Émigrée à Marseille, Lalla, descendante des hommes bleus du
désert, prend la défense des petites filles qu’exploite Zora, une femme avide.
Lalla s'assoit, et commence le travail. Pendant plusieurs heures, elle travaille dans la grande salle sombre, en faisant des gestes mécaniques avec ses mains. Au début, elle est obligée de s'arrêter parce que ses doigts se fatiguent, mais elle sent sur elle le regard de la grande femme pâle, et elle reprend aussitôt le travail. Elle sait que la femme pâle ne lui donnera pas de coups de baguette, parce qu'elle est plus âgée que les autres filles qui travaillent. Quand leurs regards se croisent, cela fait comme un choc au fond d'elle, et il y a une étincelle de colère dans les yeux de Lalla. Mais la grosse femme vêtue de noir se venge sur les plus petites, celles qui sont maigres et craintives comme des chiennes, les filles de mendiants, les filles abandonnées qui vivent toute l'année dans la maison de Zora, et qui n'ont pas d'argent. Dès qu'elles ralentissent leur travail, ou si elles échangent quelques mots en chuchotant, la grosse femme pâle se précipite sur elles avec une agilité surprenante, et elle cingle leur dos. Lalla serre les dents, elle penche sa tête vers le sol pour ne pas voir ni entendre, parce qu'elle voudrait crier et frapper à son tour sur Zora. Mais elle ne dit rien à cause de l'argent qu'elle doit ramener à la maison pour Aamma. Seulement, pour se venger, elle fait de travers quelques nœuds dans le tapis rouge.
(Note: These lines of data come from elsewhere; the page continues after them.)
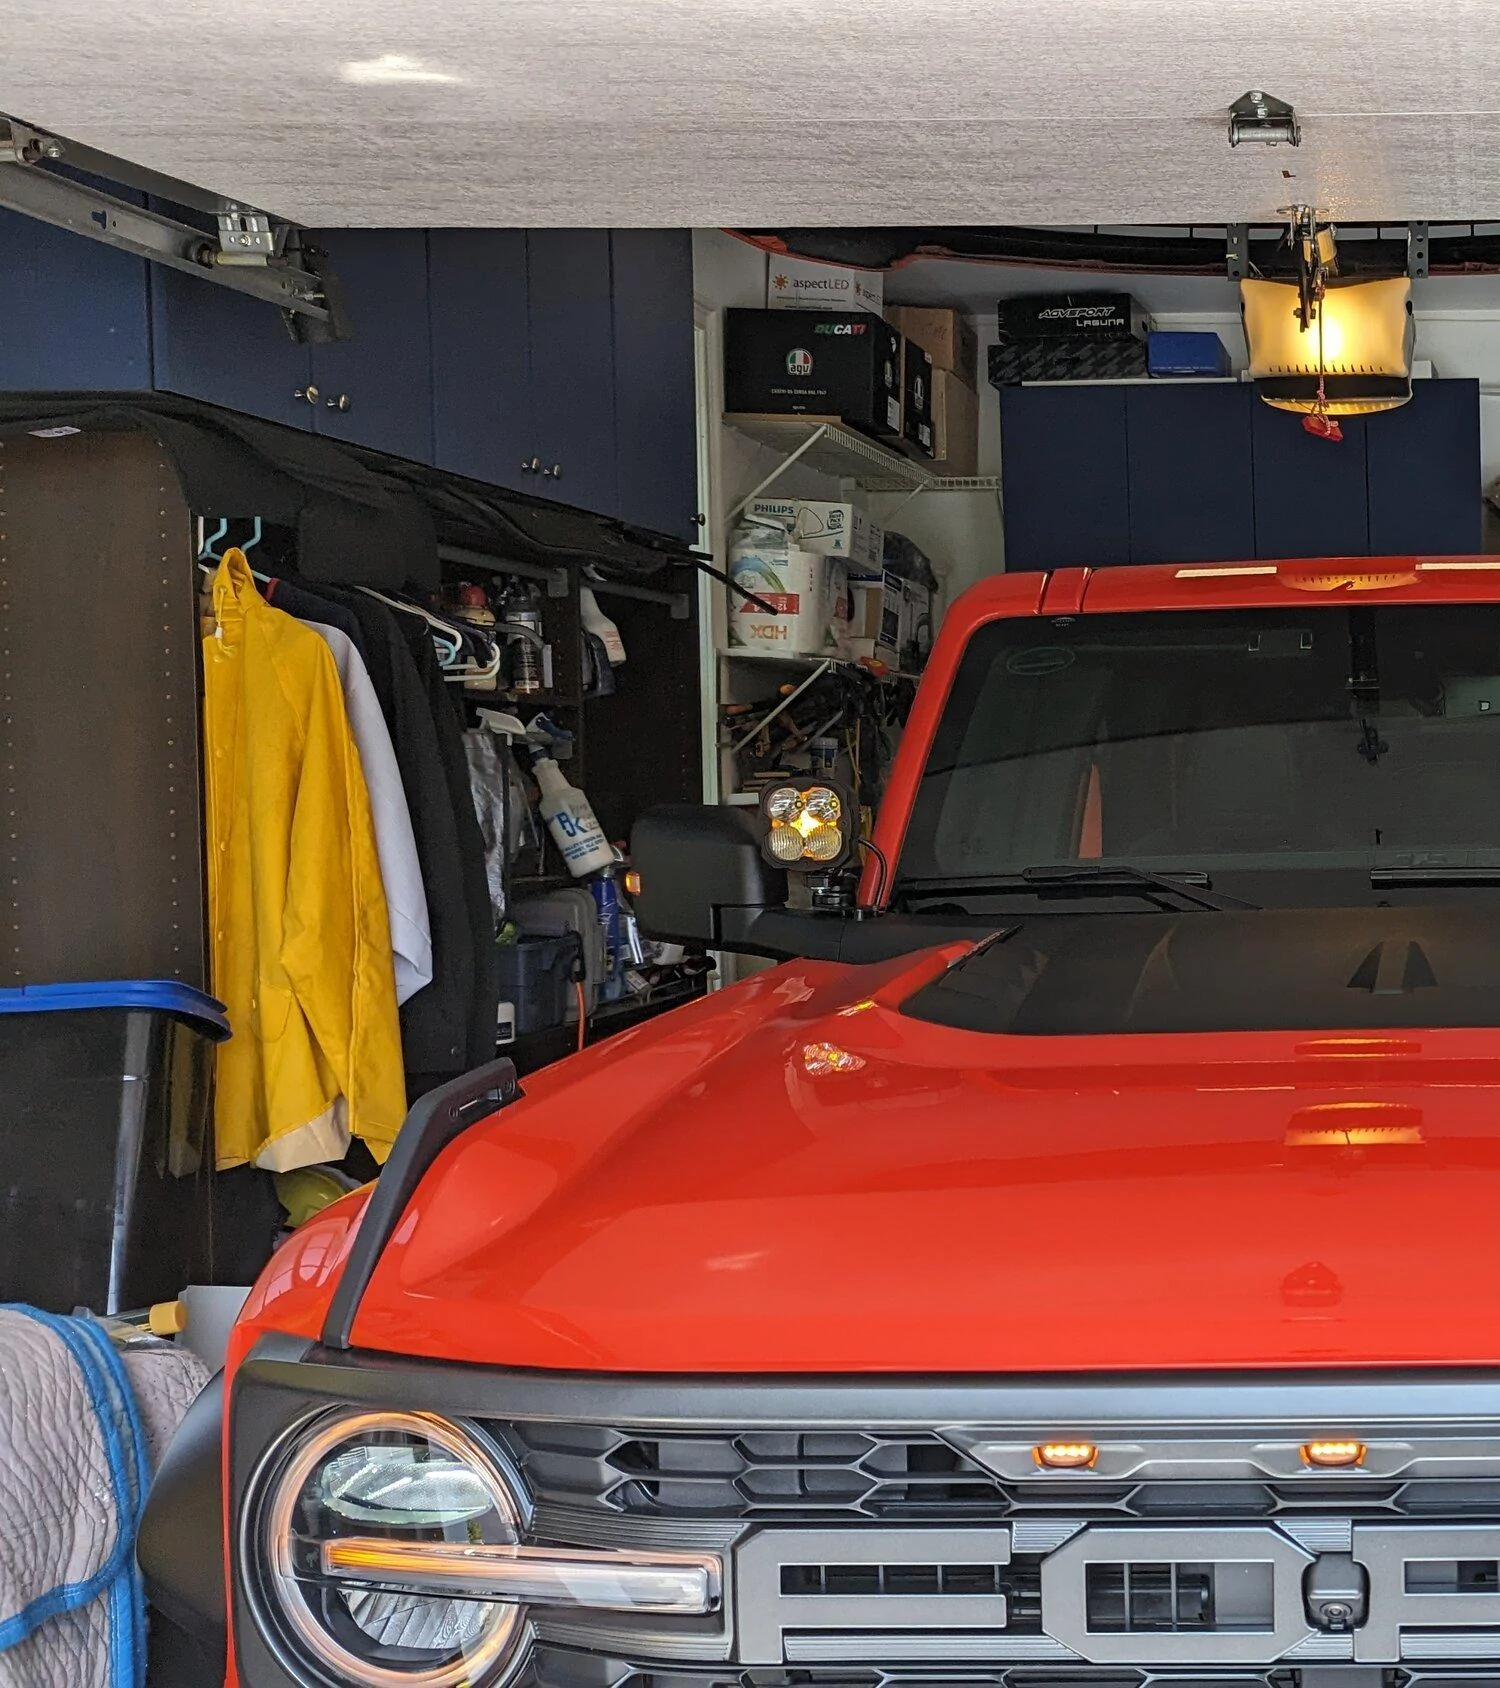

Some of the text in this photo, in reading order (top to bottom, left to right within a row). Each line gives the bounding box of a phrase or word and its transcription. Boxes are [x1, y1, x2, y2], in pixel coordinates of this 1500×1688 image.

[793, 277, 850, 290] aspectLED
[1076, 318, 1125, 327] LAGUNA
[814, 323, 868, 335] DUCATI
[790, 363, 811, 375] agv
[754, 503, 795, 515] PHILIPS
[750, 624, 788, 640] HDX
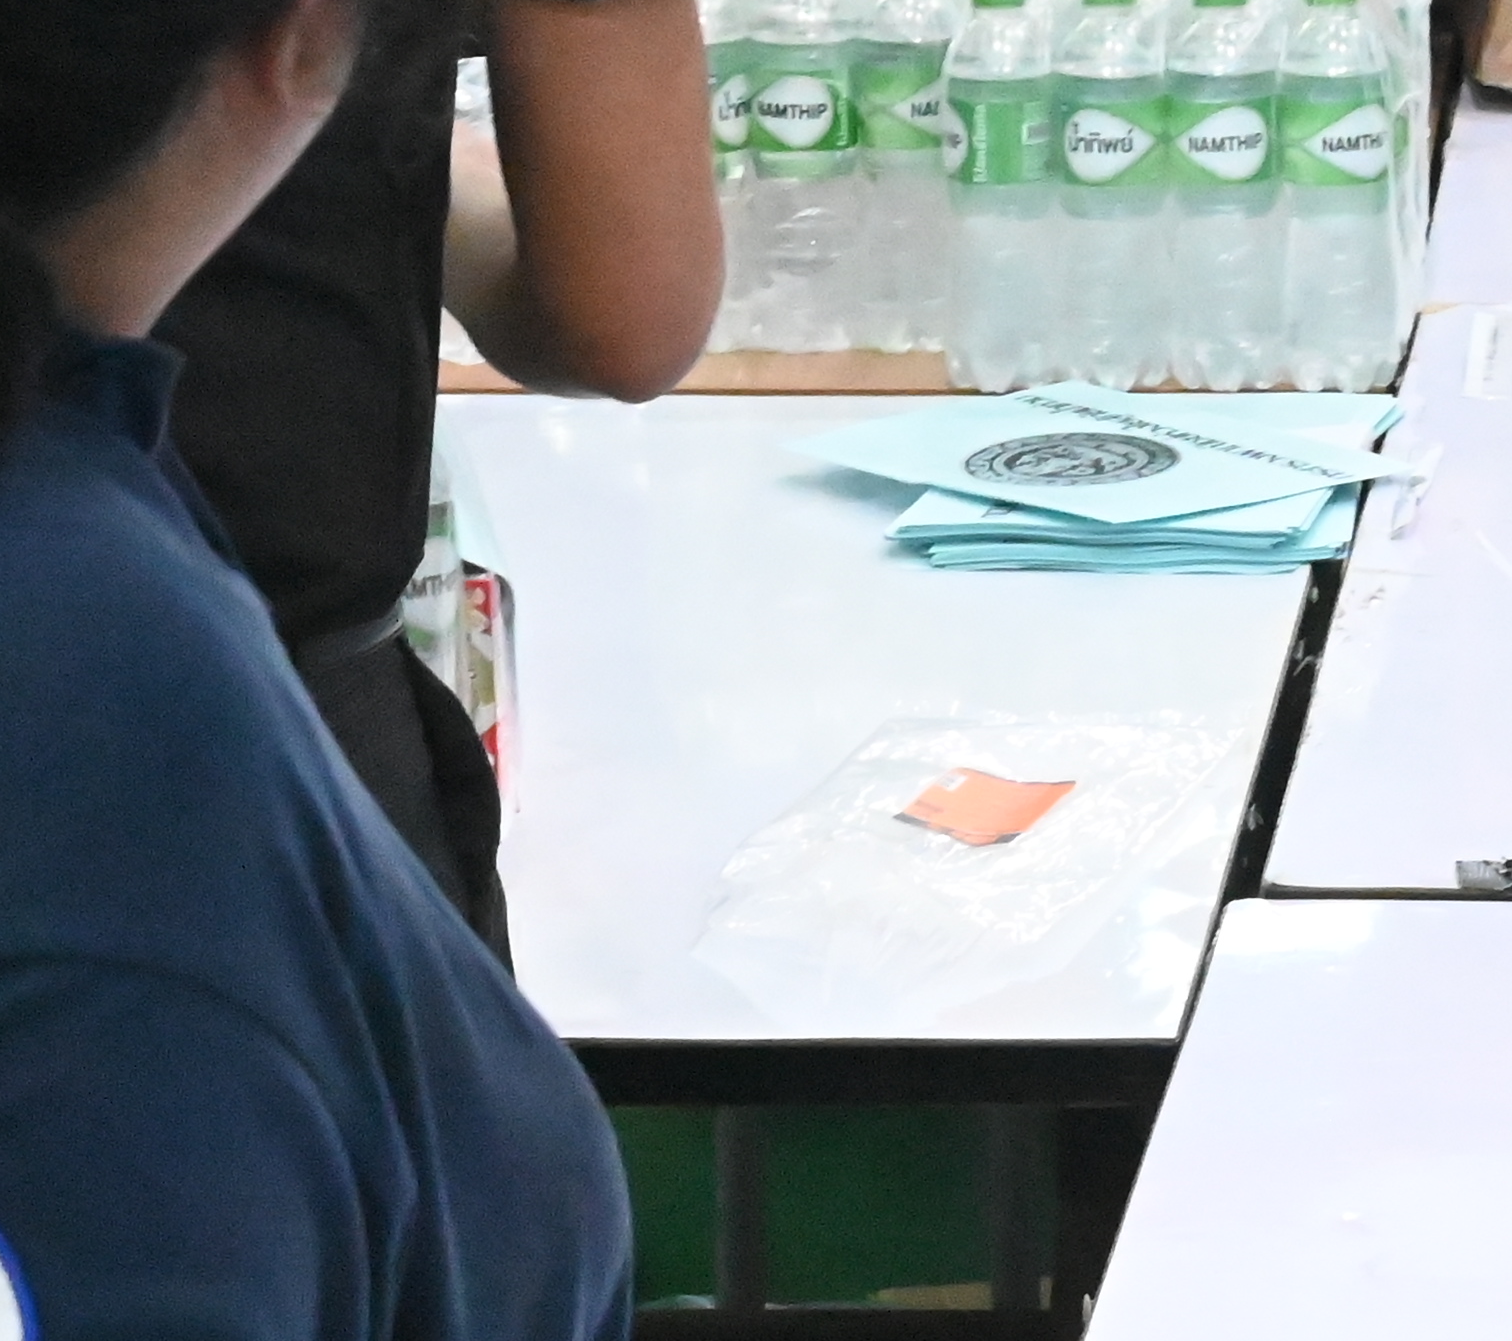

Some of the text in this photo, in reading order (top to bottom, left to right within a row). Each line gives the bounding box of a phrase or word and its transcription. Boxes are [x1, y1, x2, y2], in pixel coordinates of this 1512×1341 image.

Le jour suivant, pourtant,
Lalla n'en peut plus. Comme la grosse femme pâle
recommence à donner des coups de canne à Mina, une petite fille de dix ans à
peine, toute maigre et chétive, parce qu'elle avait cassé sa navette, Lalla se lève et dit froidement :
"Ne la battez plus !"
Zora regarde un moment Lalla, sans comprendre. Son visage gras et pâle a pris une telle expression
de stupidité que Lalla répète :
"Ne la battez plus !"
Tout à coup le visage de
Zora se déforme, à cause de la colère. Elle donne un violent coup de
canne à la figure de Lalla, mais la baguette ne la touche qu'à l'épaule gauche, parce que Lalla a su esquiver le coup.
"Tu vas voir si je vais te battre !" Crie Zora, et son visage
est maintenant un peu coloré.
"Lâche ! Méchante femme !"
Lalla empoigne la canne de Zora et elle
la casse sur son genou. Alors c'est la peur qui déforme le visage de la grosse
femme. Elle recule, en bégayant :
"Va-t'en ! Va-t'en ! Tout de suite ! Va-t'en !"
Mais déjà Lalla court à travers la grande salle,
elle bondit au-dehors, à la lumière du soleil
; elle court sans s'arrêter, jusqu'à la maison d'Aamma. La liberté est belle. On peut regarder de
nouveau les nuages qui glissent à l'envers, les guêpes qui s'affairent autours
des petits tas d'ordures, les lézards, les caméléons, les herbes qui
tremblotent dans le vent. Lalla s'assoit devant la maison, à l'ombre du mur de planches, et elle
écoute avidement tous les bruits minuscules. Quand Aamma revient, vers le soir, elle lui
dit simplement :
"Je n'irai plus travailler chez Zora, plus jamais."
Aamma la regarde un instant, mais elle
ne dit rien.
C’est à partir de ce
jour-là que le choses ont changé réellement pour Lalla, ici, à la Cité.